Sure, it would be justified, at least morally, to demonstrate to other brutal tyrants around the world that the use of chemical weapons cannot be tolerated.

Sure, we could do great damage to Bashar al-Assad by way of some tactical attacks against his military assets, possibly even tipping the balance in favor of the disparate Syrian opposition, some of whom, if they topple the government, we will undoubtedly hear from again, since they are our ideological and theological enemies.

Before the pundits and politicians talk decisively about involving the U.S. in the Syrian mess, what we should be talking about is why would Assad do such a thing now and why would he do it where he allegedly ordered it? As Syrian Kurdish leader Salen Muslim said,

The regime in Syria … has chemical weapons, but they wouldn’t use them around Damascus, 5 km from the (U.N.) committee which is investigating chemical weapons. Of course they are not so stupid as to do so.

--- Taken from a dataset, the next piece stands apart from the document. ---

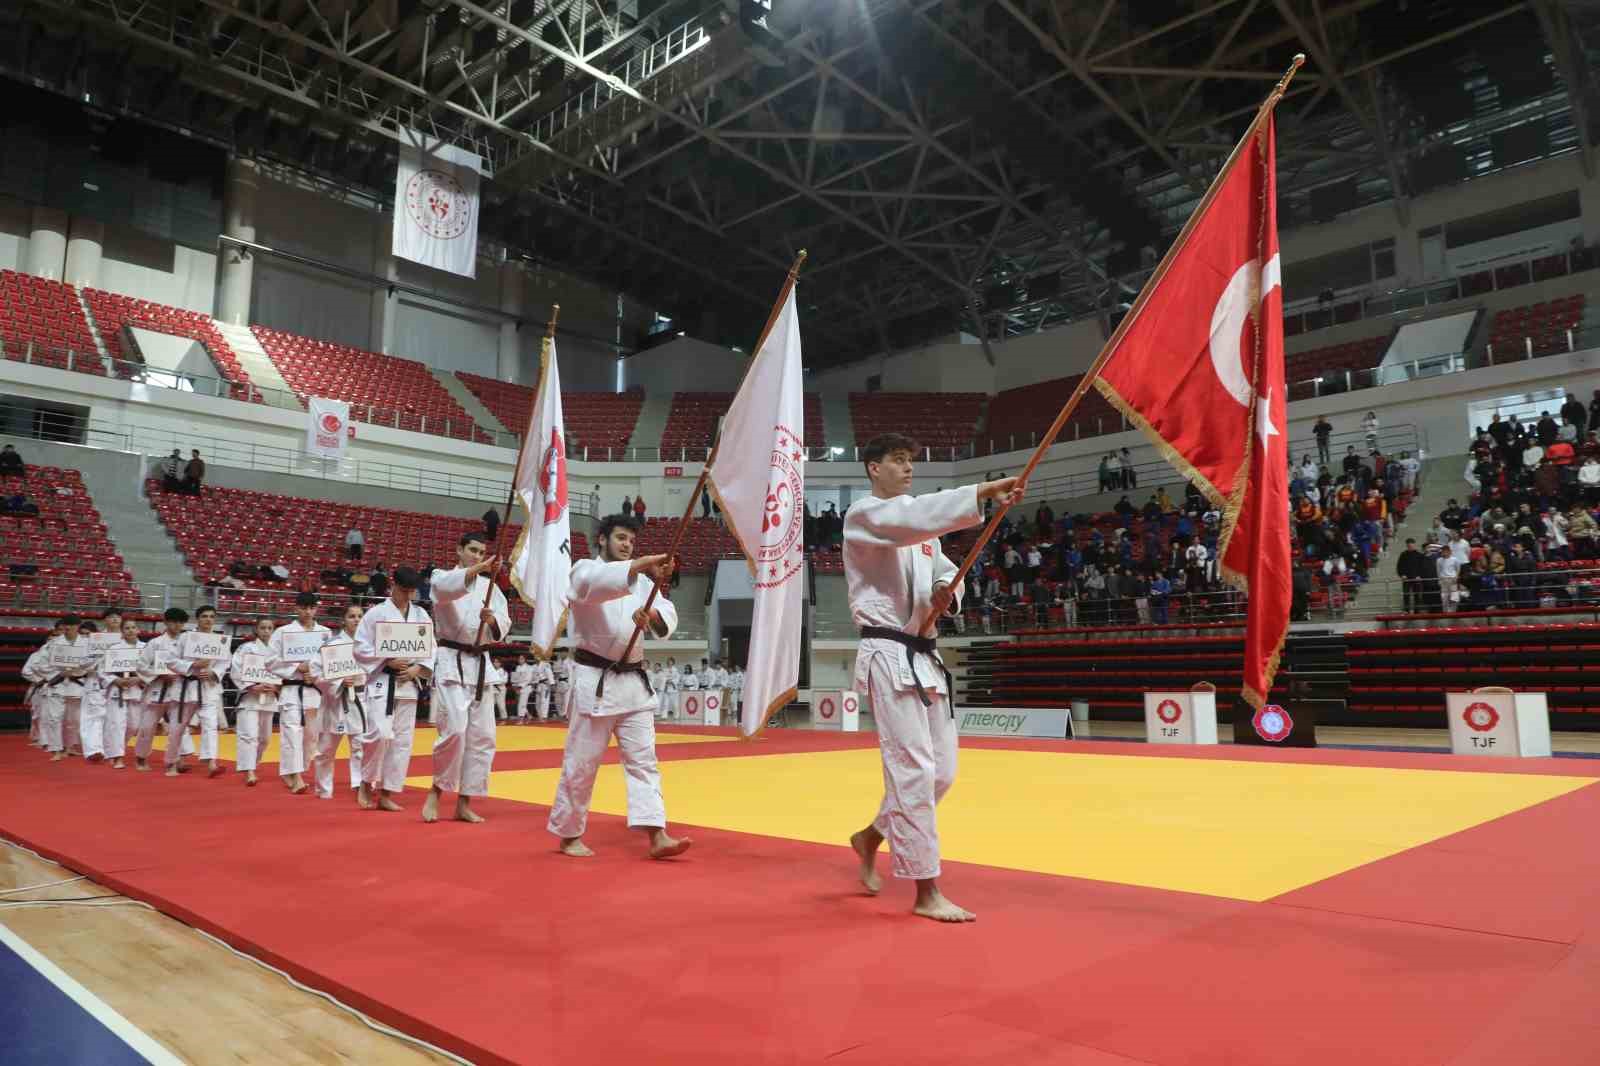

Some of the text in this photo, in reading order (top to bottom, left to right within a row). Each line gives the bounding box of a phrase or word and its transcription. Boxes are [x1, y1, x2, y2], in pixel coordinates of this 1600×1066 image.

[380, 639, 426, 652] ADANA
[961, 711, 1027, 732] intercity
[1161, 728, 1180, 737] TJF
[1471, 736, 1497, 748] TJF

It is possible of course that Syrian leadership is that stupid. But shouldn’t we be absolutely certain first? After the Iraq war’s weapons-of-mass-destruction mass delusion, shouldn’t we be sure?

And before launching missiles and dropping bombs and satisfying the war-thirst of John McCain, we should be talking about the “additional information” related to the chemical attack that Secretary of State John Kerry said the United States would provide “in the days ahead.” That was on August 23. So far, all I’ve heard that would directly—as opposed to circumstantially—tie the Syrian government to the chemical attack is a report of intercepted calls by U.S. intelligence gatherers, as Foreign Policy’s The Cable reported:

Last Wednesday, in the hours after a horrific chemical attack east of Damascus, an official at the Syrian Ministry of Defense exchanged panicked phone calls with a leader of a chemical weapons unit, demanding answers for a nerve agent strike that killed more than 1,000 people. 

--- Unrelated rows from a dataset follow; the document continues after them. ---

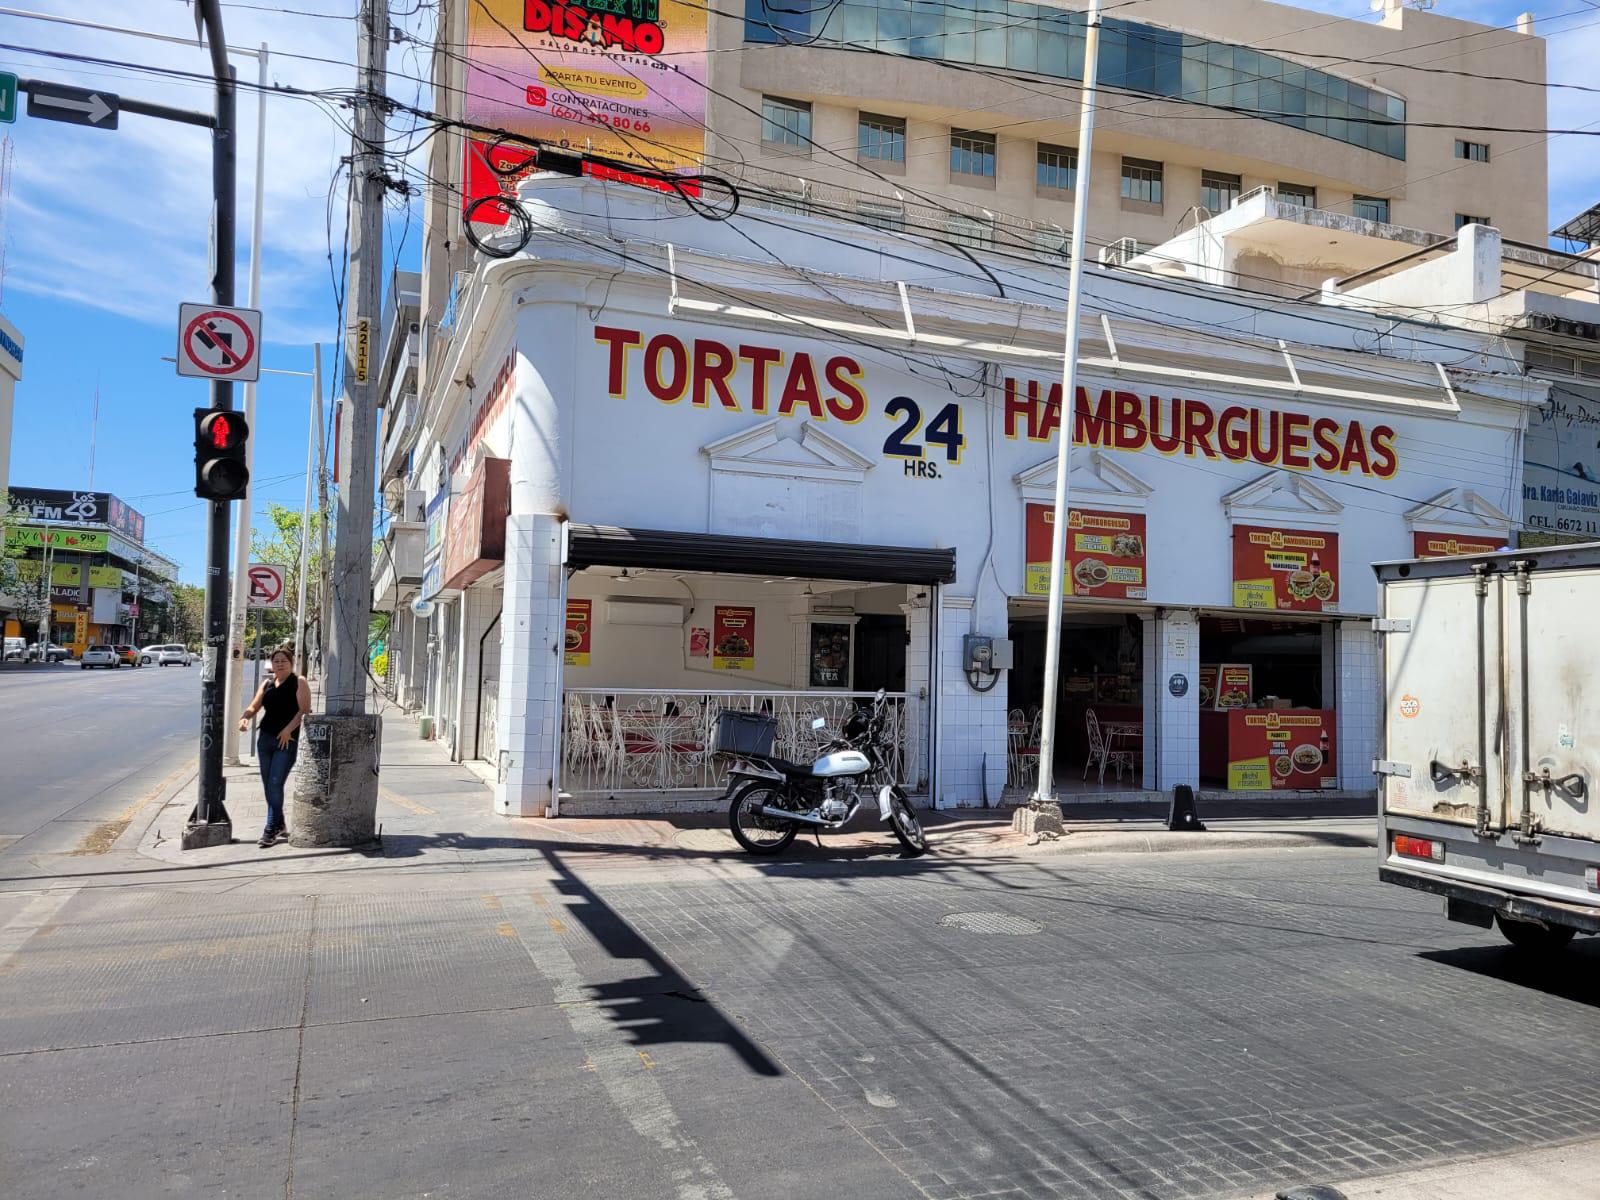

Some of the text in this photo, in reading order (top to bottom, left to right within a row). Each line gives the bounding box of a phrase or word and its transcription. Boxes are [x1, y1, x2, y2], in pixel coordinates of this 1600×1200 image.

[545, 71, 637, 90] APARTA TU EVENTO
[551, 104, 583, 122] (667)
[613, 117, 630, 129] 80
[633, 121, 651, 133] 66
[358, 321, 368, 381] 22115
[593, 325, 867, 425] TORTAS
[882, 396, 967, 465] 24
[1003, 377, 1399, 480] HAMBURGUESAS
[903, 458, 943, 480] HRS.
[1540, 485, 1565, 504] Karla
[1566, 488, 1598, 507] Galaviz
[32, 505, 62, 519] FM
[1529, 514, 1597, 533] CEL. 6672 11
[80, 533, 97, 541] 919
[1272, 532, 1281, 542] 24
[250, 574, 271, 597] E
[1268, 714, 1278, 722] 24
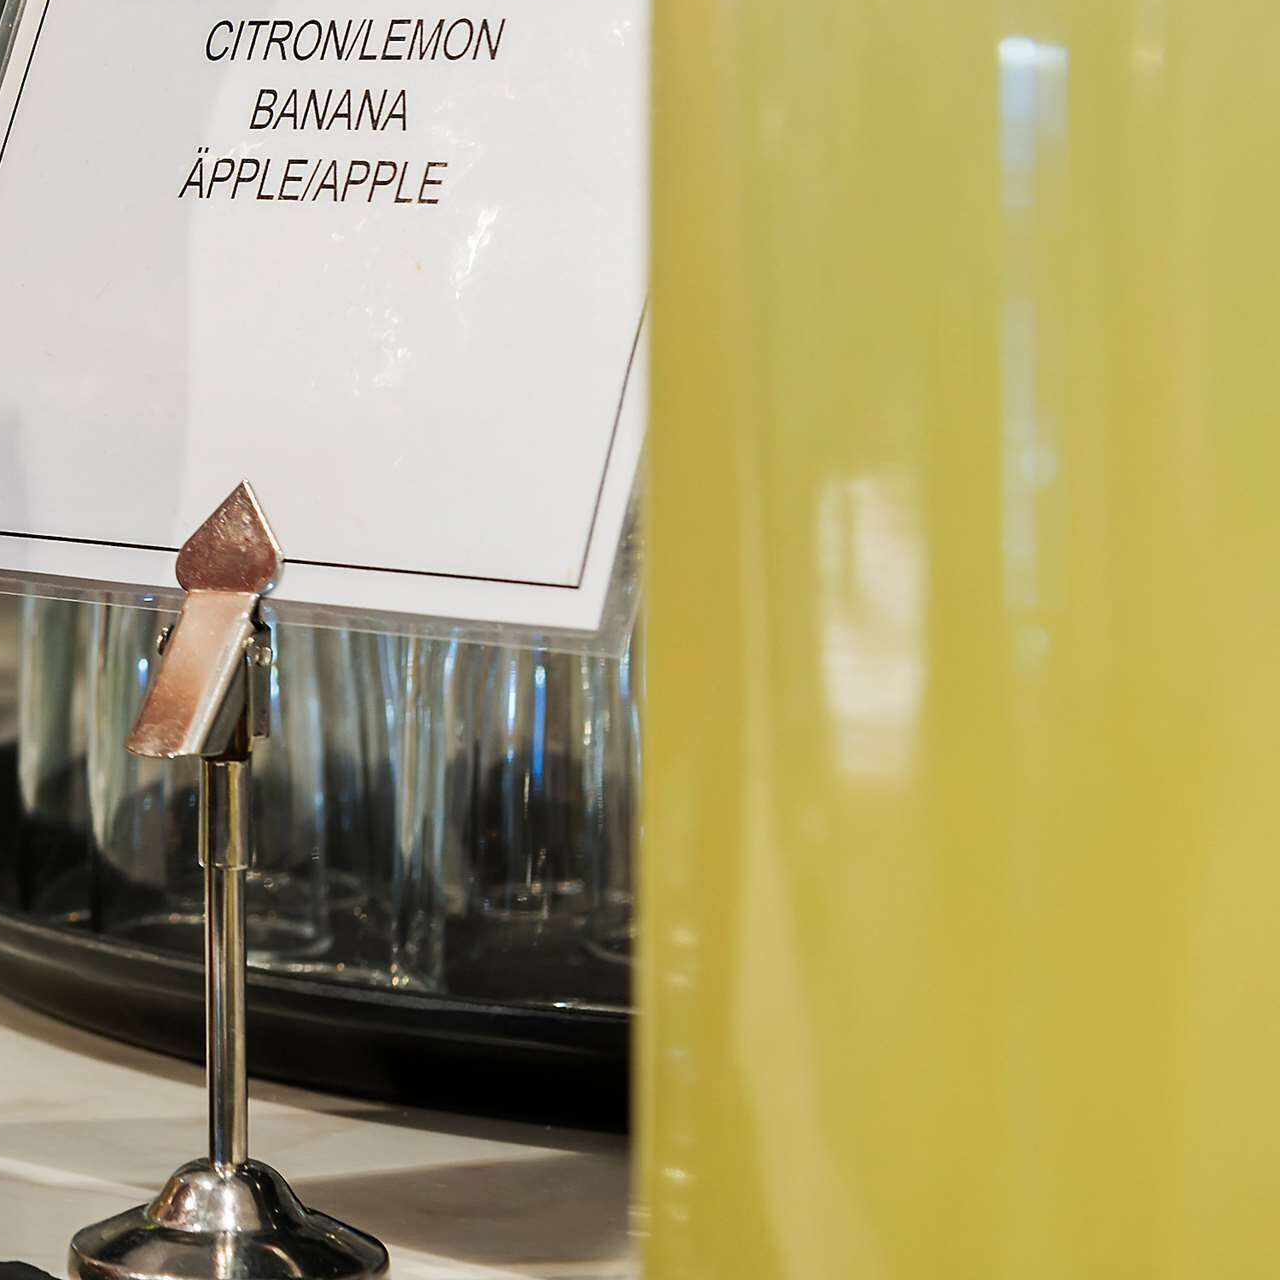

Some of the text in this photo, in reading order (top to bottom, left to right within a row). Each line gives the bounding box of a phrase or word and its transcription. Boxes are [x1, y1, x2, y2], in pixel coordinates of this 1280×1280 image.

[205, 18, 506, 62] CITRON/LEMON
[249, 88, 408, 132] BANANA
[178, 146, 449, 206] ÄPPLE/APPLE

The trouble is, as that report makes clear, such an intercept raises additional questions about who is to blame for such a brutal move:

Was the attack on Aug. 21 the work of a Syrian officer overstepping his bounds? Or was the strike explicitly directed by senior members of the Assad regime? “It’s unclear where control lies,” one U.S. intelligence official told The Cable. “Is there just some sort of general blessing to use these things? Or are there explicit orders for each attack?” 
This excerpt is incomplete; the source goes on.